How to complete this task: Write out each record in full and exactly as given. Skip any pictures.

++++ Provided data

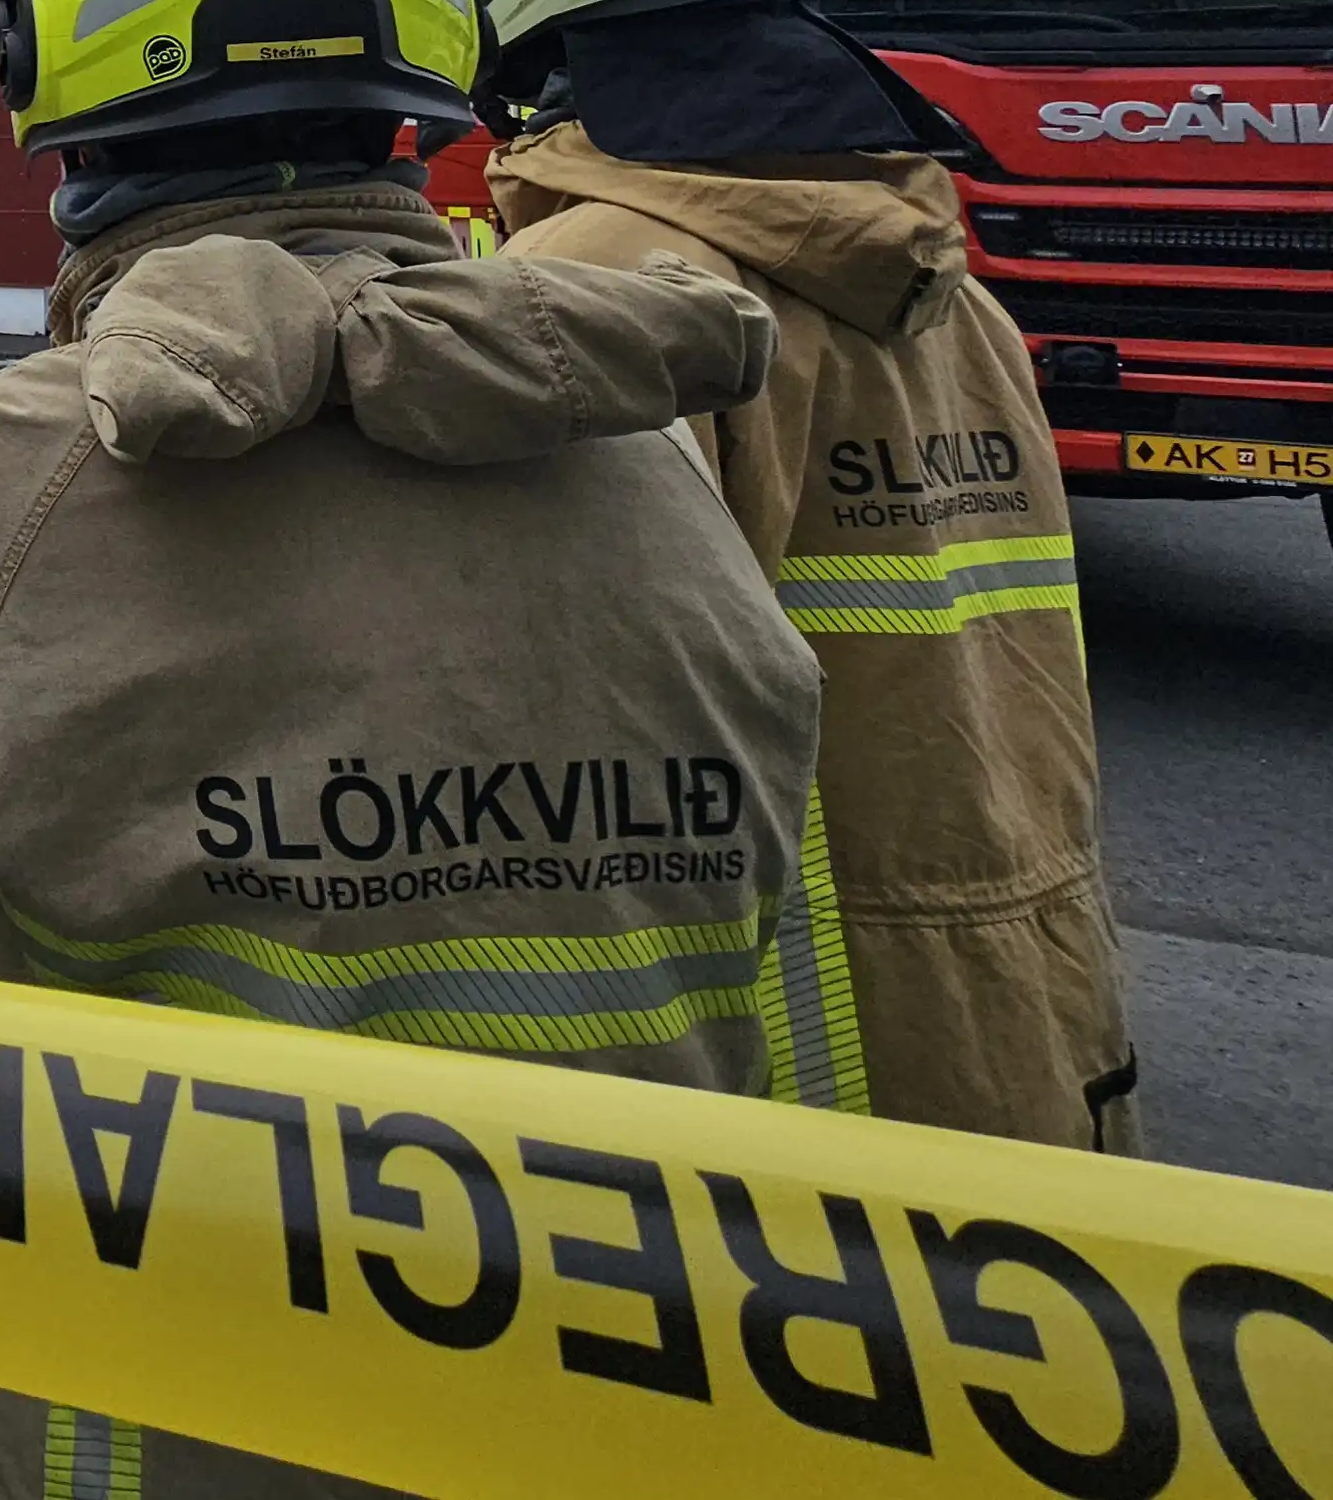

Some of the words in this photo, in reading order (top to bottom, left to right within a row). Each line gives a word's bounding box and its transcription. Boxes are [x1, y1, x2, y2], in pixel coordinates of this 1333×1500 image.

[259, 45, 317, 60] Stefán
[1037, 100, 1333, 144] SCANI
[1164, 442, 1227, 472] AK
[195, 756, 742, 861] SLÖKKVILIÐ
[203, 848, 747, 912] HÖFUÐBORGARSVÆÐISINS

++++++++

Answer below:
Some of the words in this photo, in reading order (top to bottom, left to right within a row). Each line gives a word's bounding box and its transcription. Boxes are [x1, y1, x2, y2], in pixel coordinates of this 1333×1500 image.

[259, 45, 317, 60] Stefán
[1037, 100, 1333, 144] SCANI
[1164, 442, 1227, 472] AK
[195, 756, 742, 861] SLÖKKVILIÐ
[203, 848, 747, 912] HÖFUÐBORGARSVÆÐISINS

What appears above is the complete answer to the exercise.